ACTIVITY.
What is needed is an exact copy of the lines in the entries below from the one holding "this 1344×1512 image." through the one holding "Some of the words", pictures excluded.

■ ■ ■ ■ ■ ■ ■

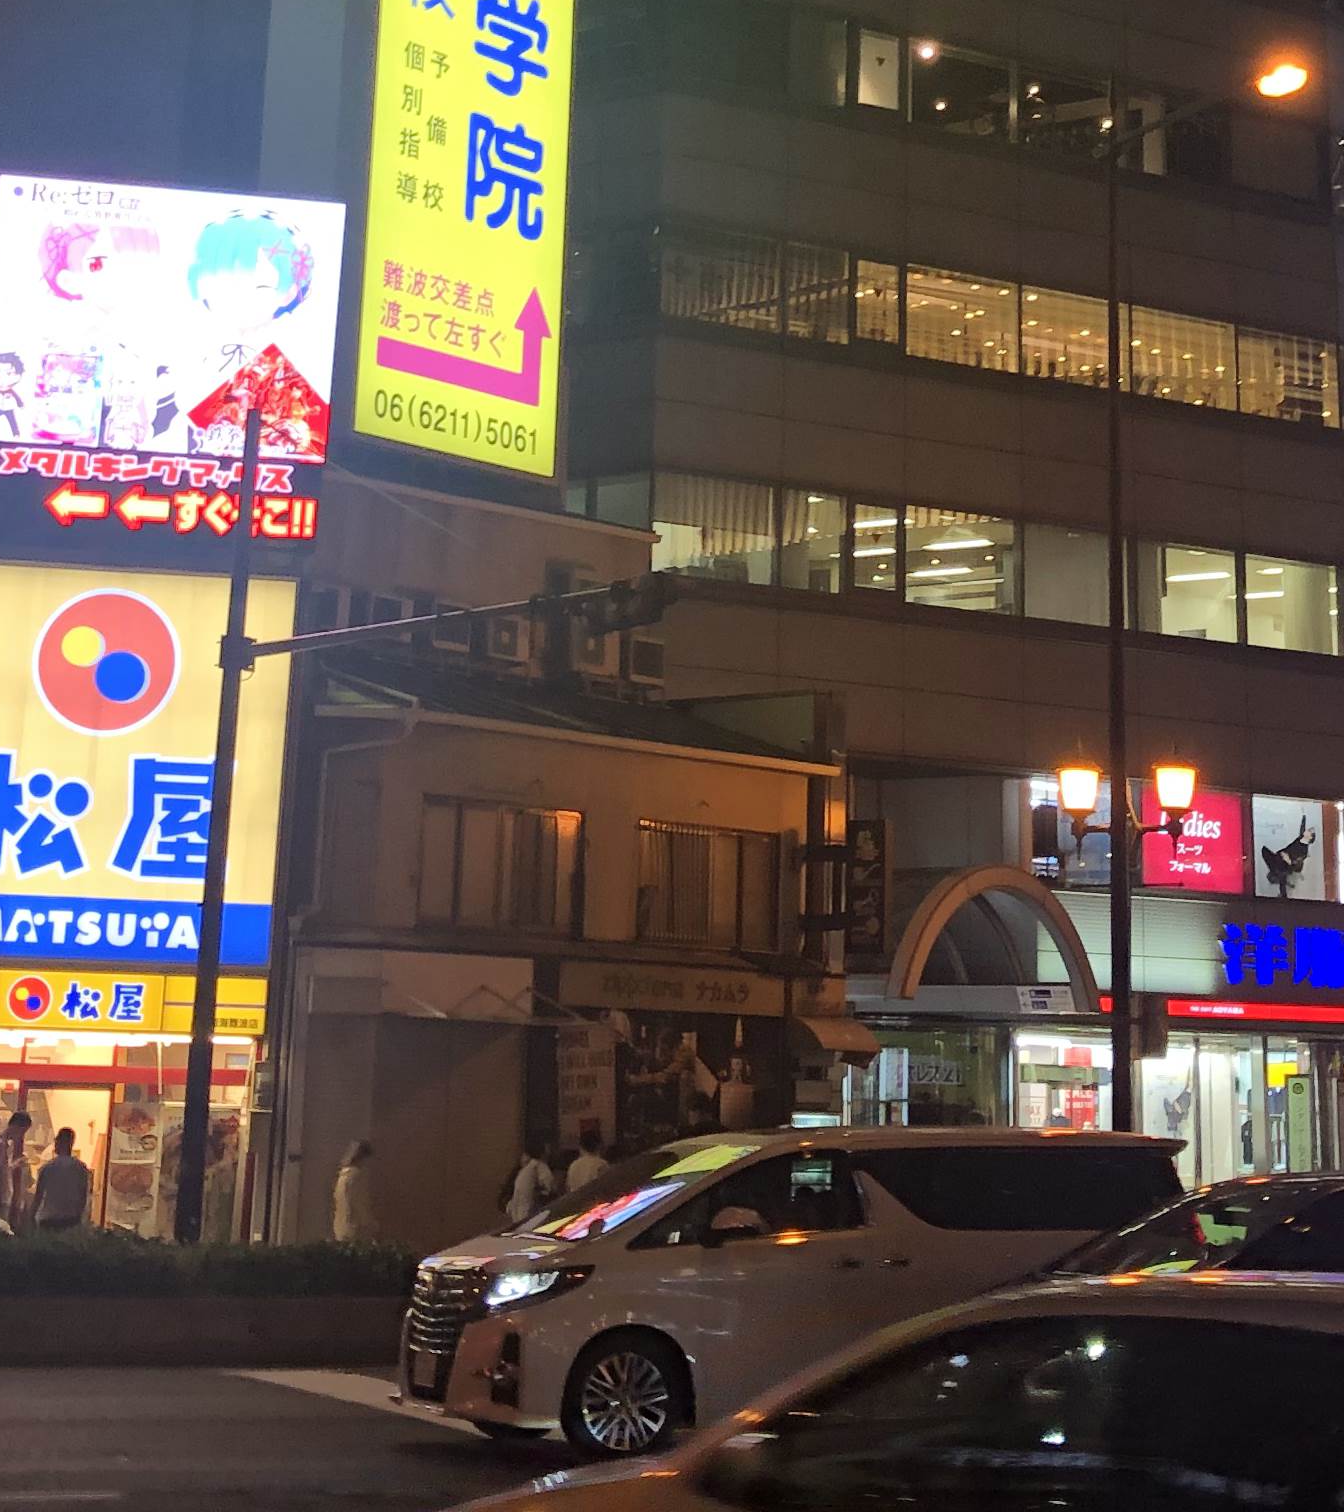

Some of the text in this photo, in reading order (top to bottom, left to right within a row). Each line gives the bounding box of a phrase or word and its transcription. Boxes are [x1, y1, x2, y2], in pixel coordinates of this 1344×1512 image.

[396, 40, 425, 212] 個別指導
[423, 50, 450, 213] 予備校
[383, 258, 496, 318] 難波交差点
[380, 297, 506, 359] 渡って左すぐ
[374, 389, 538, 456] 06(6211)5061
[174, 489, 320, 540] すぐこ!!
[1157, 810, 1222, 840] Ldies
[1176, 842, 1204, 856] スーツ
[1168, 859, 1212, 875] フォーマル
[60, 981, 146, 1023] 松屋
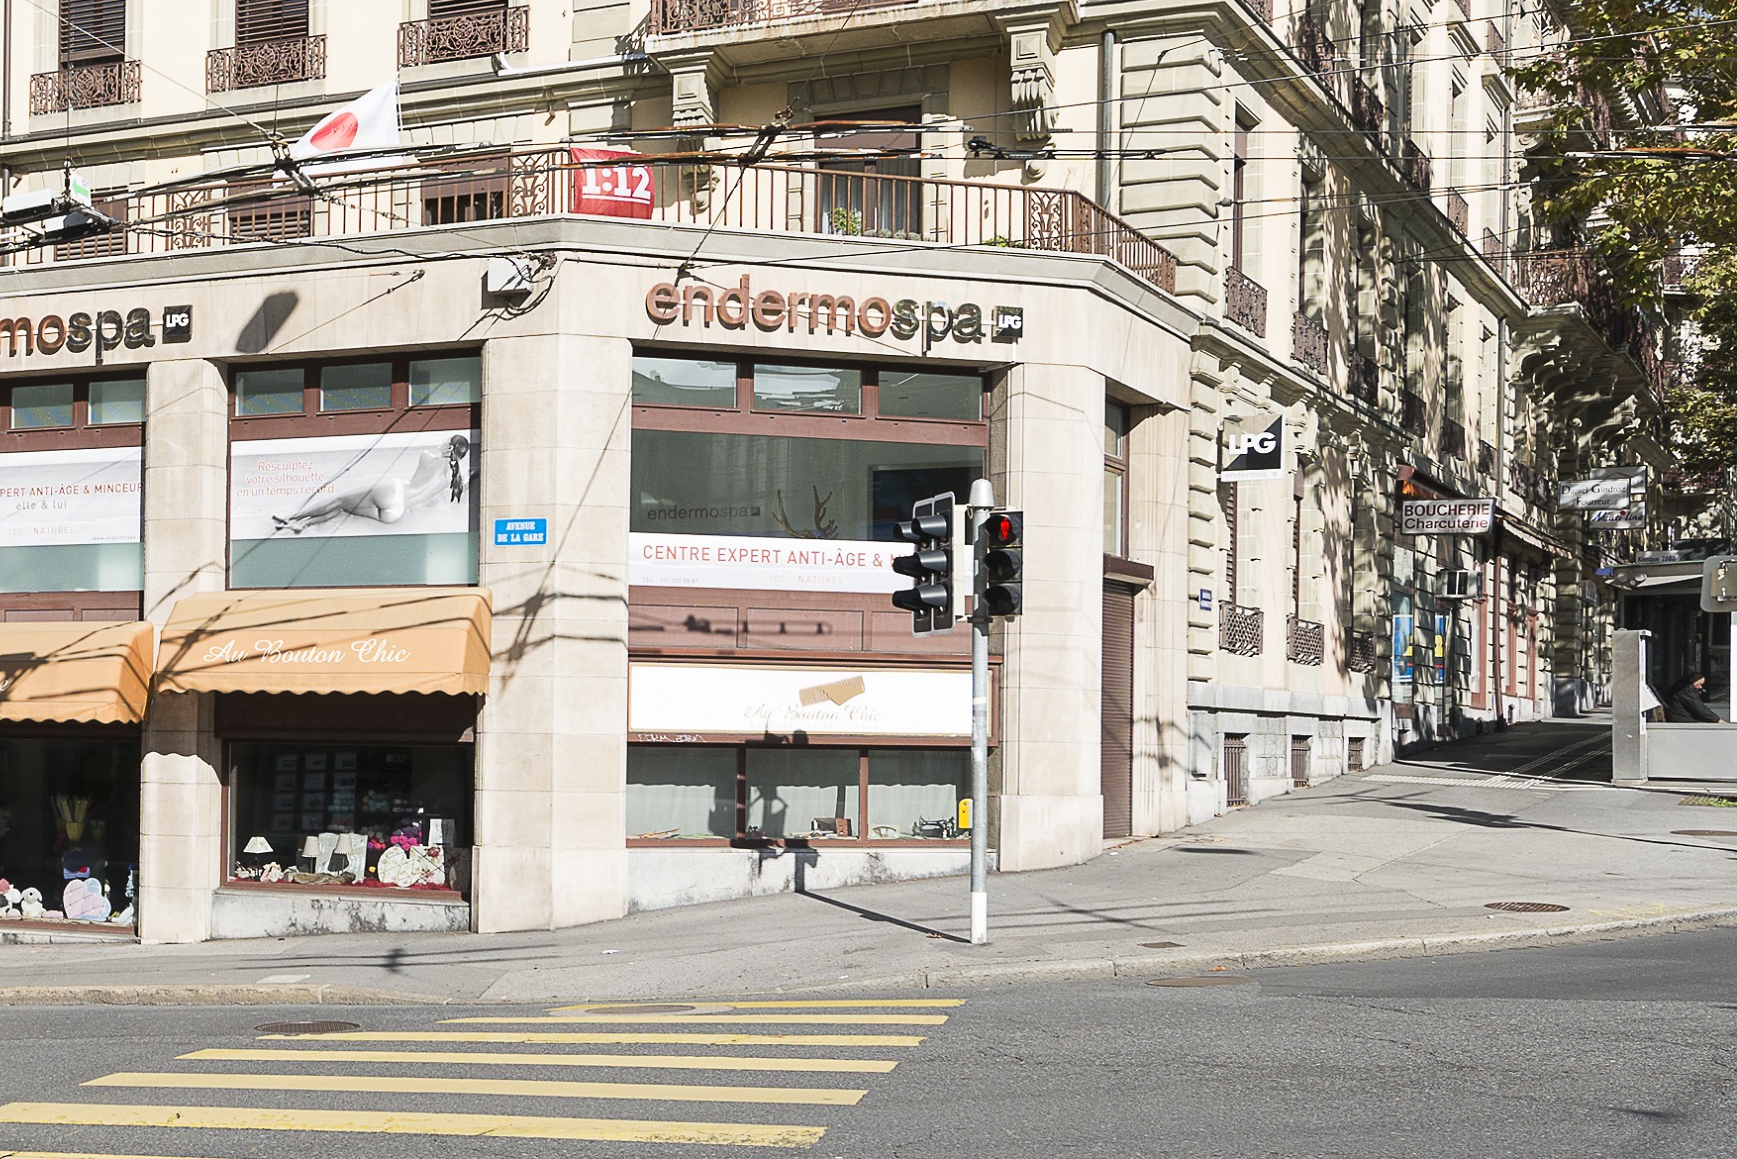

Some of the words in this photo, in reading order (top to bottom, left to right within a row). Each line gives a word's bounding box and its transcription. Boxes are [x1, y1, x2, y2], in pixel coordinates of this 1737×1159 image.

■ ■ ■ ■ ■ ■ ■

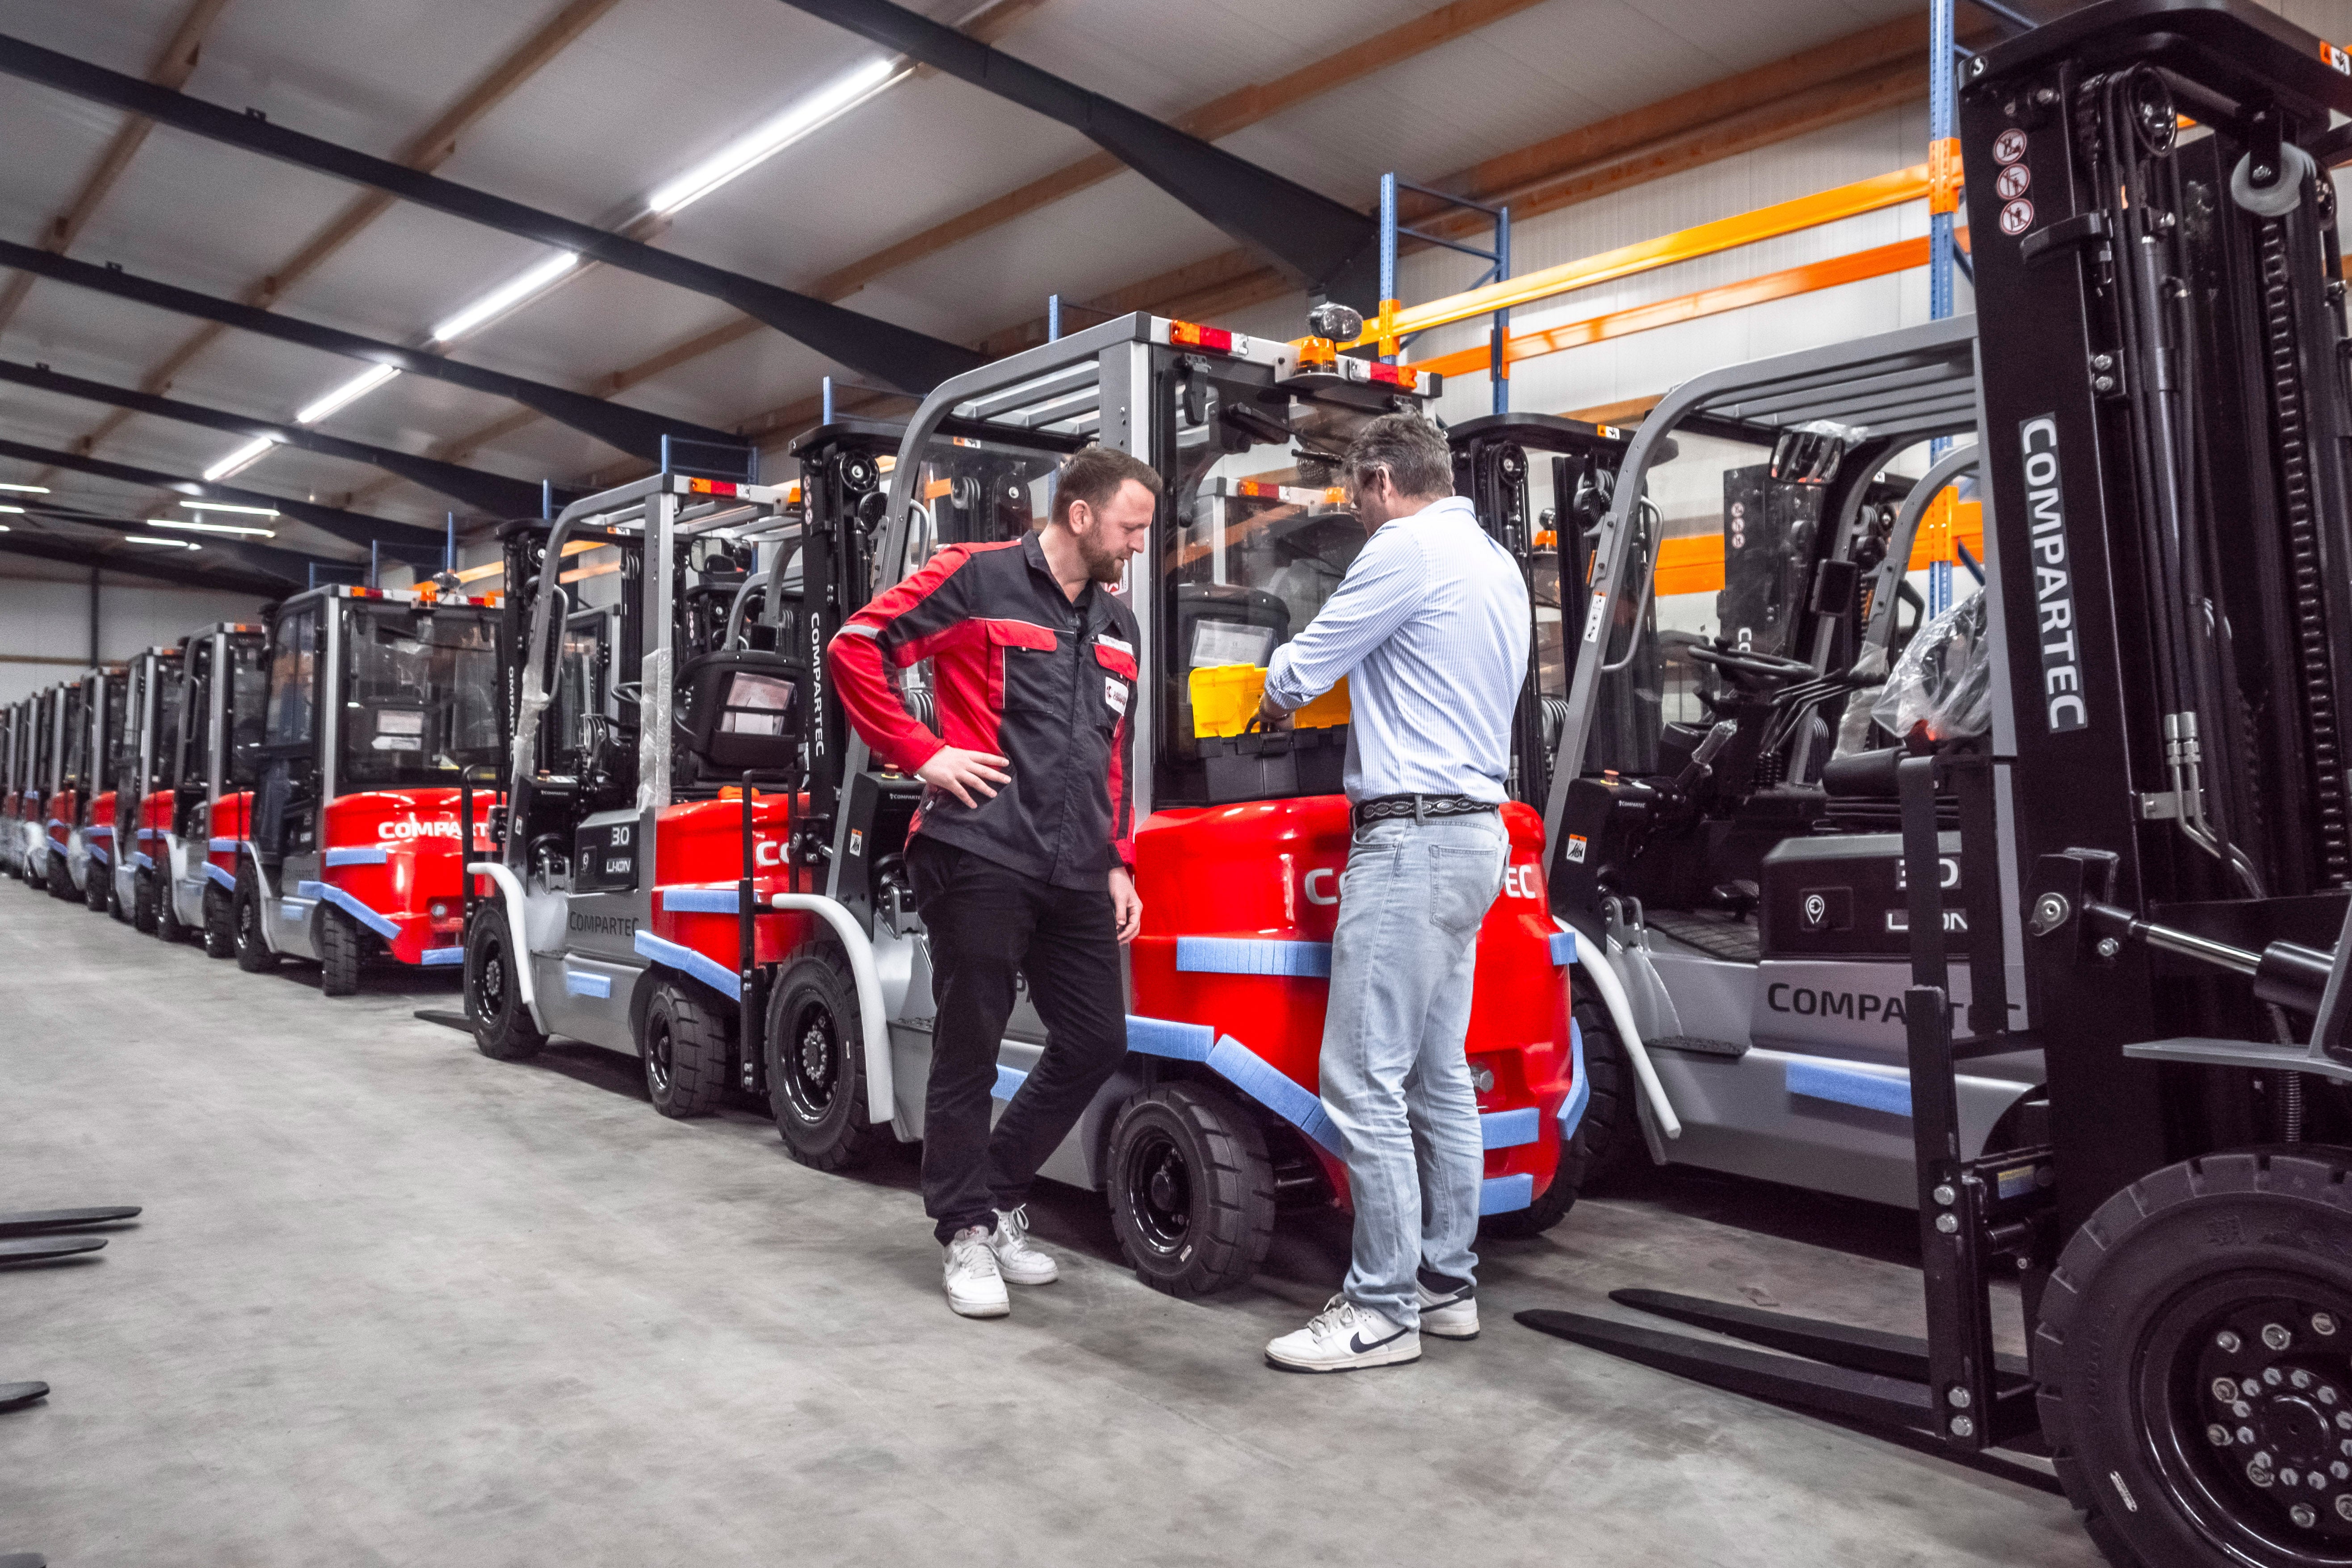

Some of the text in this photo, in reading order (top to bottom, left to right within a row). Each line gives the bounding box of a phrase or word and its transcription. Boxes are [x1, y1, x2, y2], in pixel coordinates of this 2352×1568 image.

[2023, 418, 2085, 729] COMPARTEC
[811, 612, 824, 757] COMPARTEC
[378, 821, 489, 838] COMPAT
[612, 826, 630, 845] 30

■ ■ ■ ■ ■ ■ ■

RESPONSE.
Some of the text in this photo, in reading order (top to bottom, left to right within a row). Each line gives the bounding box of a phrase or word and its transcription. Boxes are [x1, y1, x2, y2], in pixel coordinates of this 1344×1512 image.

[396, 40, 425, 212] 個別指導
[423, 50, 450, 213] 予備校
[383, 258, 496, 318] 難波交差点
[380, 297, 506, 359] 渡って左すぐ
[374, 389, 538, 456] 06(6211)5061
[174, 489, 320, 540] すぐこ!!
[1157, 810, 1222, 840] Ldies
[1176, 842, 1204, 856] スーツ
[1168, 859, 1212, 875] フォーマル
[60, 981, 146, 1023] 松屋

Some of the words in this photo, in reading order (top to bottom, left to right within a row). Each line gives a word's bounding box and its transcription. Boxes are [x1, y1, x2, y2], in pixel coordinates of this 1737×1159 image.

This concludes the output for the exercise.